Thursday, May 20, 2010

URGENT ACTION ALERT: Haiti Camps Report a Diphtheria Outbreak

2010-05-20-campcanaan_1.jpg
Camp Canaan

While in Haiti, we notified a health monitoring service about suspected outbreaks of up to 100 cases of diptheria in Camp Cannan, twelve miles north of Port-au-Prince. Camp leaders gave us the figure. Based on the WHO public announcement to the media on May 11 that there "was no evidence of epidemic diphtheria", monitors reasonably believed our report to not be plausible. Even now, there has been no official announcement to many of the NGOs of the outbreak, highlighting challenges in communication with public health. Someone should listen to the Haitian people.
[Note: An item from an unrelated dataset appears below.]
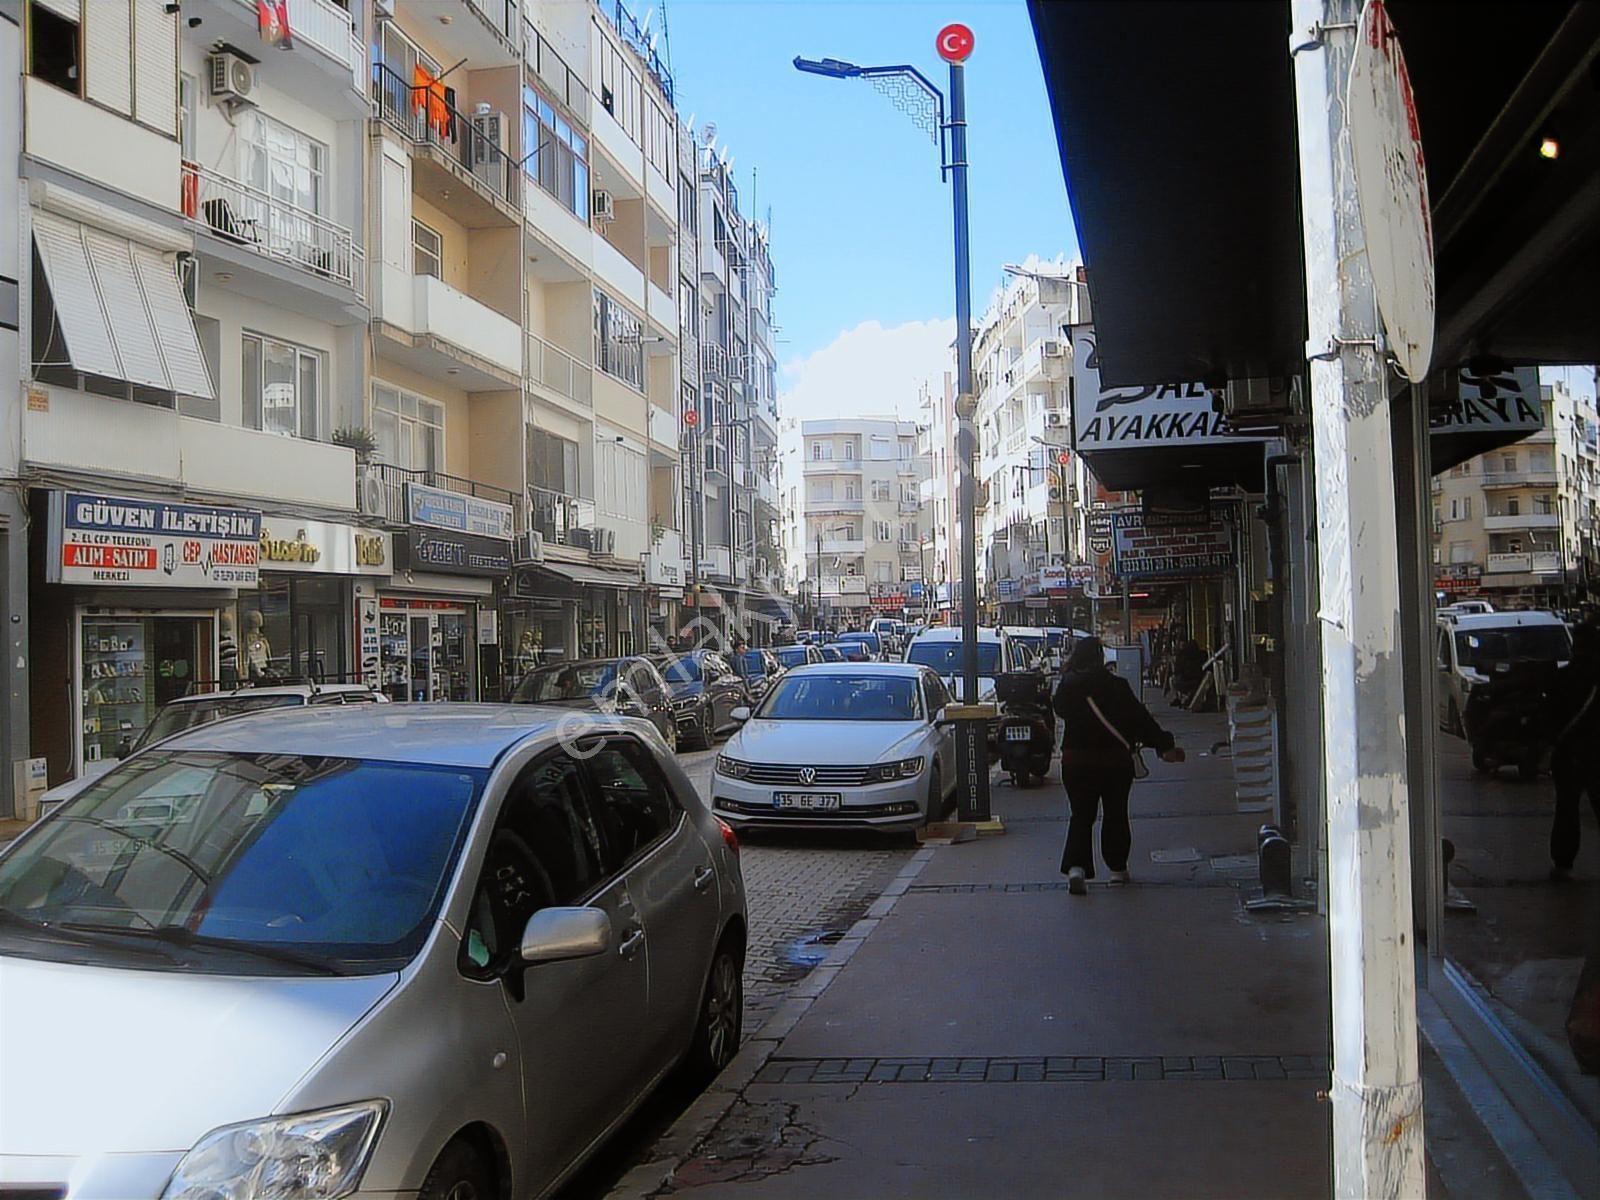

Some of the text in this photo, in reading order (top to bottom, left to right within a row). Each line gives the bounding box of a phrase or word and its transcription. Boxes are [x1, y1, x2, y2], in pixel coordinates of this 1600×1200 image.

On Tuesday, May 18 the United Nations announced agencies are helping health authorities in Haiti carry out an emergency vaccination campaign after an outbreak of diphtheria in the capital, Port-au-Prince. Cases of the disease were first reported on Saturday, May 15 in Camp Batimat in Cité Soleil district, one of the settlements housing people displaced by the January earthquake, Christiane Berthiaume, spokesperson for the UN Children's Fund (UNICEF), told reporters in Geneva.

Camp Cannan is located near Cité Soleil and is a source of what little food residents can obtain.

About 2,000 people possibly exposed to the diphtheria bacterium are being specifically targeted in the vaccination campaign, carried out by more than 80 vaccinators, the UN said.

With up to 8,000 people exposed in Camp Cannan, we can suggest the numbers may be much higher.
Diphtheria is an infectious disease that spreads from person to person through respiratory droplets from the throat through coughing and sneezing. The illness usually affects the tonsils, pharynx, larynx and occasionally the skin. Symptoms range from a moderately sore throat to toxic life-threatening diphtheria of the larynx or of the lower and upper respiratory tracts.
Here is our report on the lost voices of Camp Canaan and the Potemkin Village that is Camp Corail. It is urgent that they be heard.

Much of this was published in the LA Progressive and OEN, but it desperately needs to be restated, especially in the wake of the diptheria outbreak.

Read more here.

1 comment:

Anonymous said...

Lack of sleep, malnutrition, extreme exposure to the elements translate to a weakened immune system.

This man made tragedy has the potential to be worst than the one that occured on Jan 12, 2010 and will not be televised.

This is not something that should have caught anyone off guard.

Such an outcome was expected in the days immediately following the earthquake.

It is no wonder they are controlling access to these virtual prisons death camps by the outside world and there is pretty much a black out on news coming out of Haiti these days.